What’s a Bone Age Study?
A bone age study helps doctors estimate the maturity of a child's skeletal system. They do this by taking a single X-ray of the left wrist, hand, and fingers. The bones on the X-ray image are compared with X-ray images in a standard atlas of bone development. The atlas is based on data from many other kids of the same gender and age. The bone age (also called the skeletal age) is measured in years.
Children’s bones have areas of new bone growth called growth plates at both ends. They add length and width to the bone. They can be seen on an X-ray because they're softer and contain less mineral, making them appear darker on an X-ray image than the rest of the bone.
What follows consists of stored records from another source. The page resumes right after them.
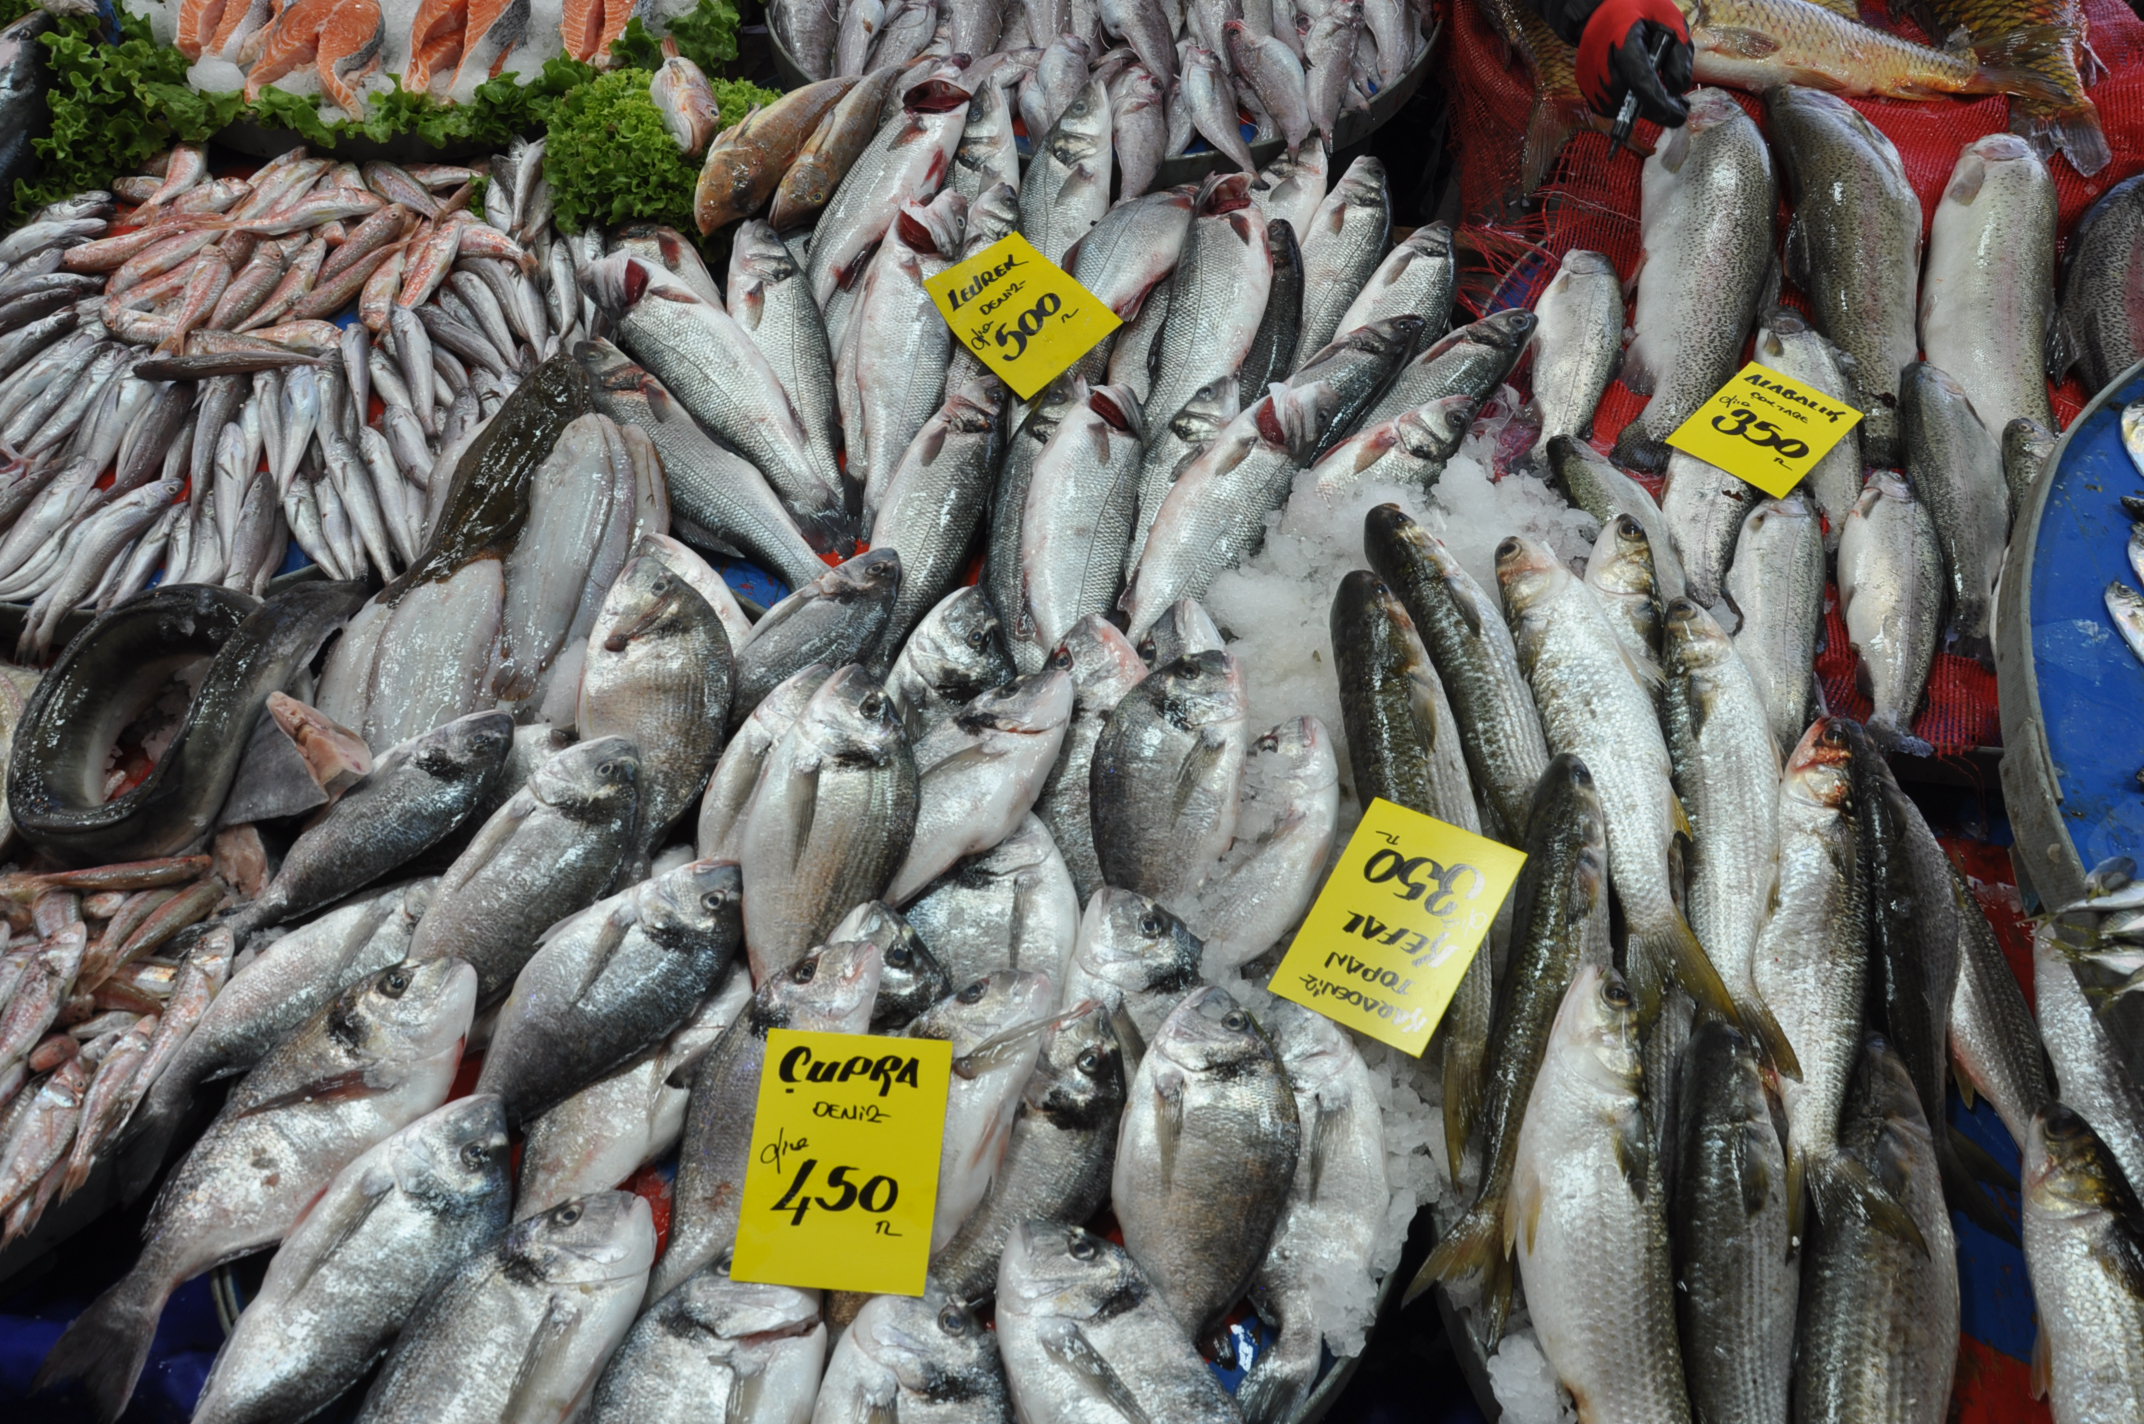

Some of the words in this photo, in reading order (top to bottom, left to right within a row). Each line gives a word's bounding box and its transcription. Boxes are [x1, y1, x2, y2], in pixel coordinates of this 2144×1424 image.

[995, 293, 1061, 362] 500
[1744, 374, 1846, 423] ALABALIK
[1711, 409, 1809, 458] 350
[1364, 848, 1486, 917] 350
[1341, 910, 1458, 969] KEFAL
[1324, 951, 1416, 996] TOPAN
[779, 1045, 919, 1097] ÇUPRA
[769, 1158, 898, 1226] 450
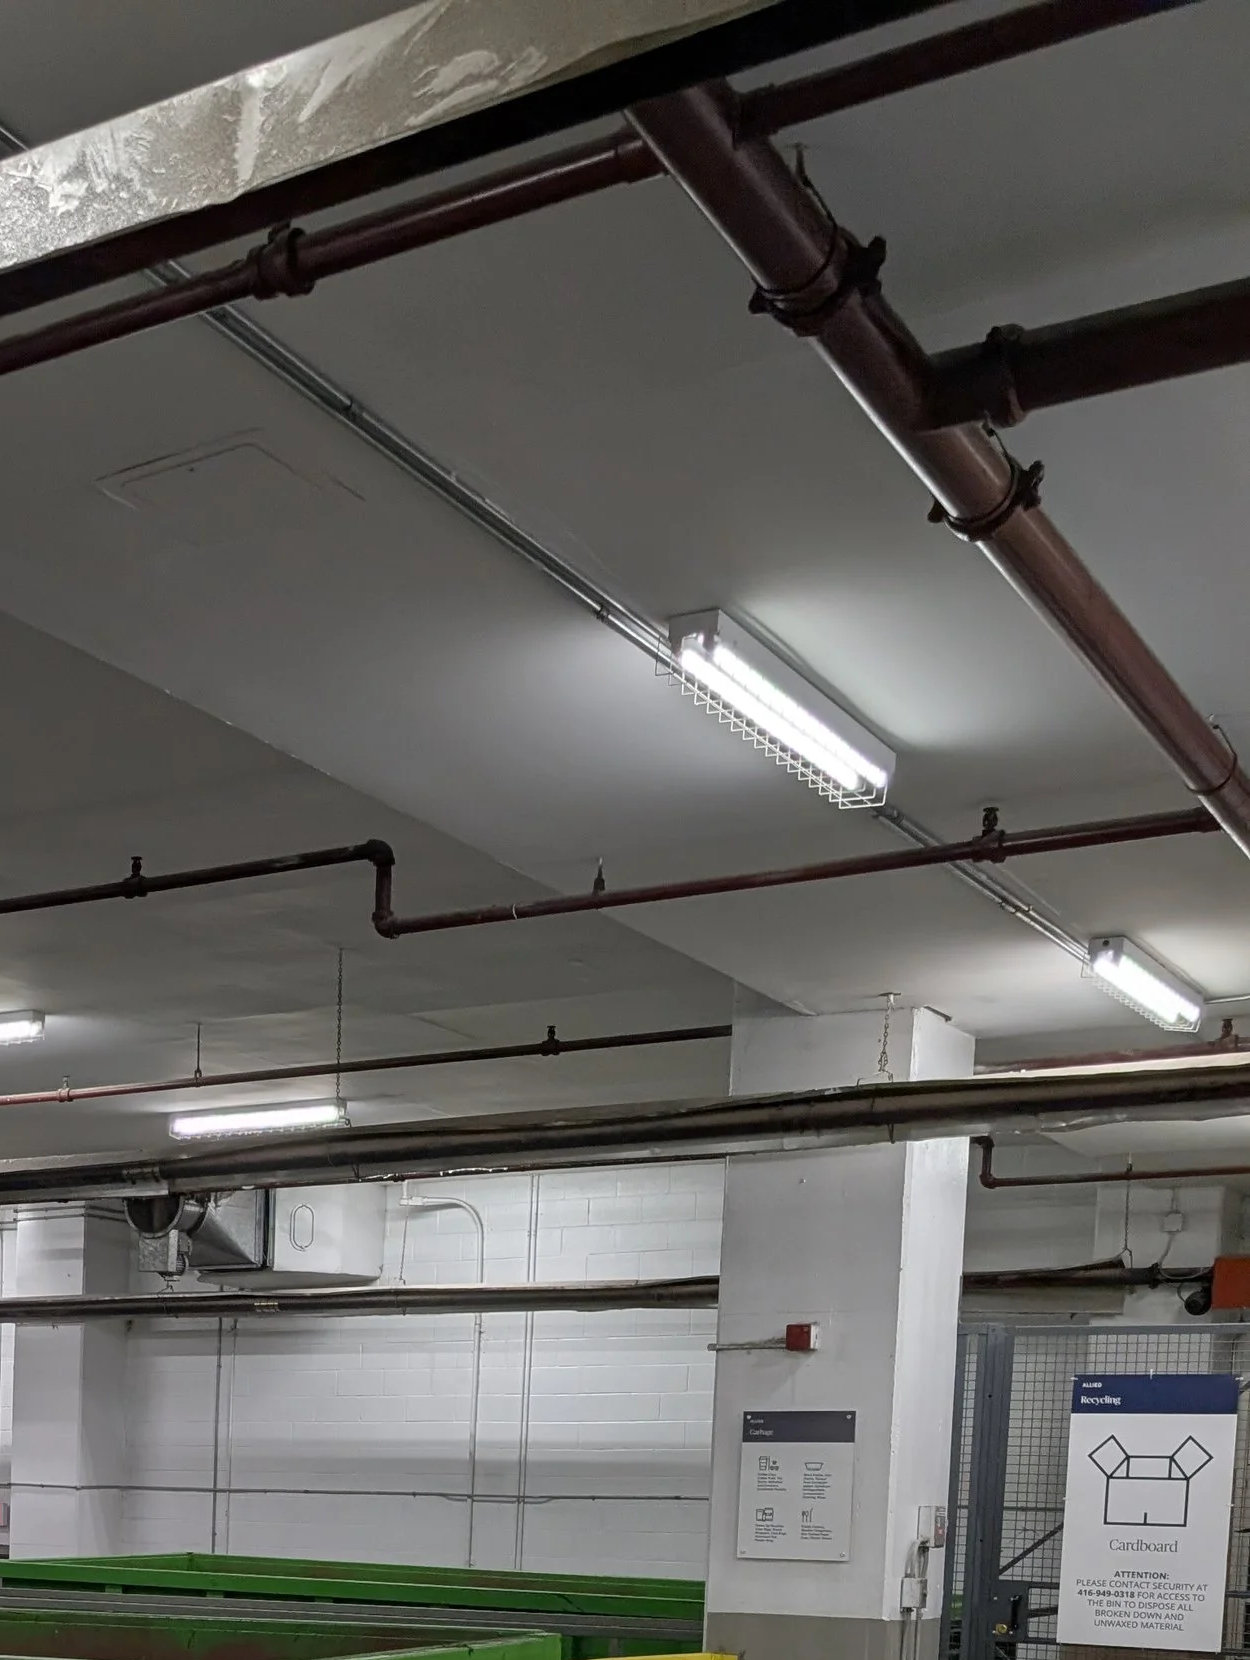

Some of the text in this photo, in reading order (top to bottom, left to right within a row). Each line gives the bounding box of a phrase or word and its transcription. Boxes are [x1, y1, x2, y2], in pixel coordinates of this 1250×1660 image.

[1080, 1395, 1121, 1406] Recycling
[1109, 1538, 1178, 1553] Cardboard
[1114, 1571, 1170, 1580] ATTENTION:
[1076, 1579, 1106, 1587] PLEASE
[1109, 1580, 1151, 1590] CONTACT
[1152, 1582, 1195, 1591] SECURITY
[1077, 1589, 1205, 1602] 416-949-0318 FOR ACCESS TO
[1087, 1599, 1194, 1612] THE BIN TO DISPOSE ALL
[1095, 1609, 1184, 1621] BROKEN DOWN AND
[1094, 1619, 1184, 1631] UNWAXED MATERIAL
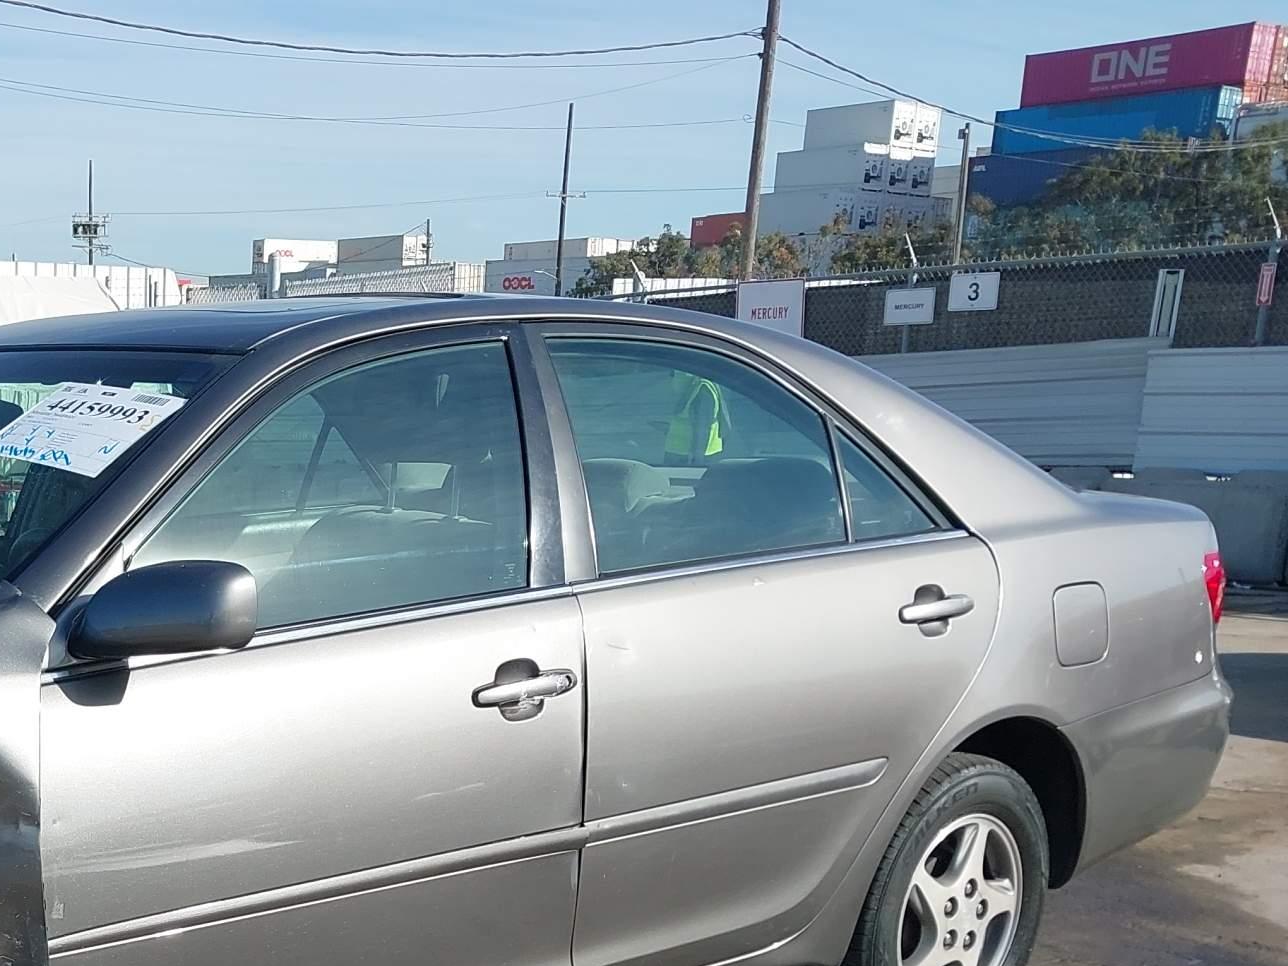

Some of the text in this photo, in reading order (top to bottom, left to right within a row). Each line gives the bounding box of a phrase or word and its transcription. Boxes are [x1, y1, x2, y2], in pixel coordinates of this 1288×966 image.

[1091, 44, 1171, 83] ONE
[503, 276, 534, 290] OOCL
[968, 282, 980, 301] 3
[751, 306, 789, 320] MERCURY
[47, 398, 150, 424] 44159993
Bones and growth plates change over time. As kids grow, their growth plates look thinner on X-rays and eventually disappear (called "closed growth plates"). Doctors assign a child’s bone age based on which standard X-ray images in the atlas most closely match how the child's bones look on the X-ray.
A difference between a child's bone age and their chronological age might indicate a growth problem. But perfectly healthy kids also can have bone ages that differ from their actual ages.
To do the study, your child will sit on a stool and place their left hand on the table with the fingers spread. They should stay still for 2–3 seconds so the X-ray image is clear. If the image is blurred, the X-ray technician might take another one.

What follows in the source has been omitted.